§ What you have to do:
Your reply should reproduce the data below without a single alteration, apart from dropping the images.

[Free-text object descriptions]
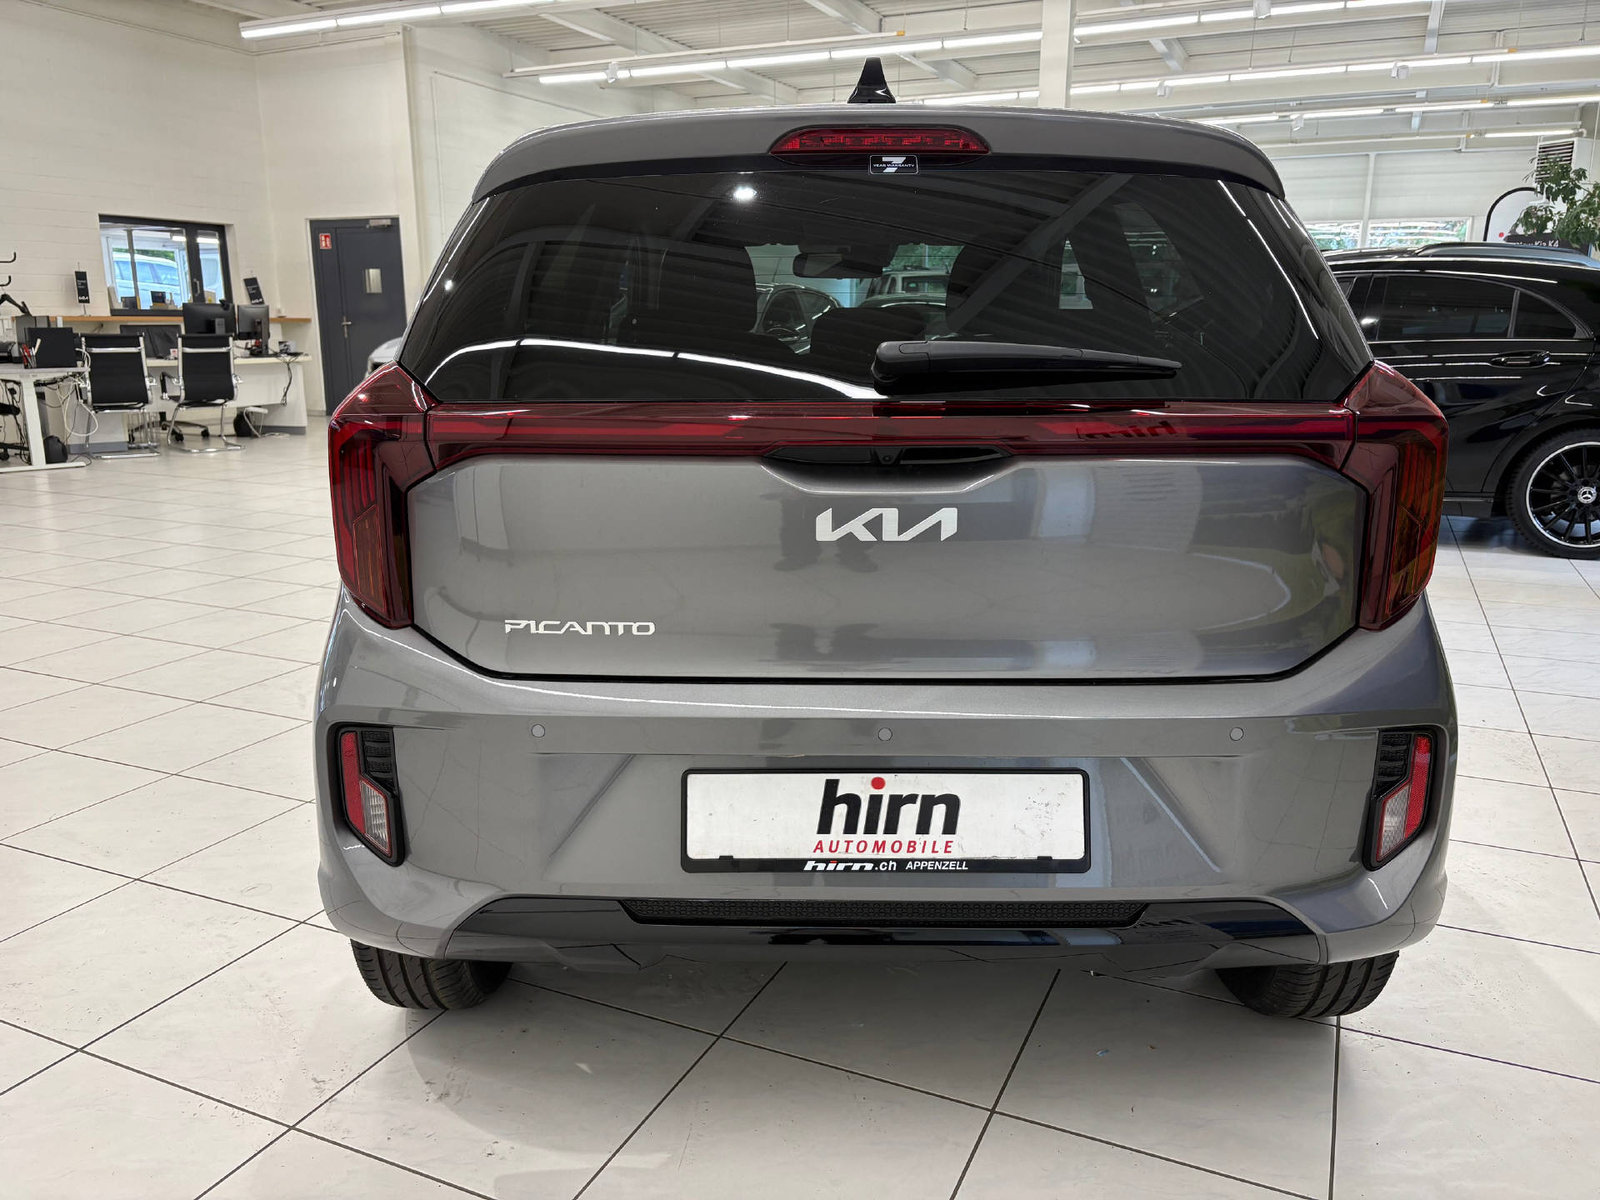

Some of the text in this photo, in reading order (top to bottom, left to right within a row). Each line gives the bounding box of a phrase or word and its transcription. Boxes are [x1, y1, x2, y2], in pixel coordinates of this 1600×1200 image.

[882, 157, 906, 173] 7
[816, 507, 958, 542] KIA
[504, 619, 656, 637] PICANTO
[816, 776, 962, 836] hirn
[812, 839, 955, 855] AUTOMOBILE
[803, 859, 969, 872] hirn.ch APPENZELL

§ Response area:
Some of the text in this photo, in reading order (top to bottom, left to right within a row). Each line gives the bounding box of a phrase or word and its transcription. Boxes are [x1, y1, x2, y2], in pixel coordinates of this 1600×1200 image.

[882, 157, 906, 173] 7
[816, 507, 958, 542] KIA
[504, 619, 656, 637] PICANTO
[816, 776, 962, 836] hirn
[812, 839, 955, 855] AUTOMOBILE
[803, 859, 969, 872] hirn.ch APPENZELL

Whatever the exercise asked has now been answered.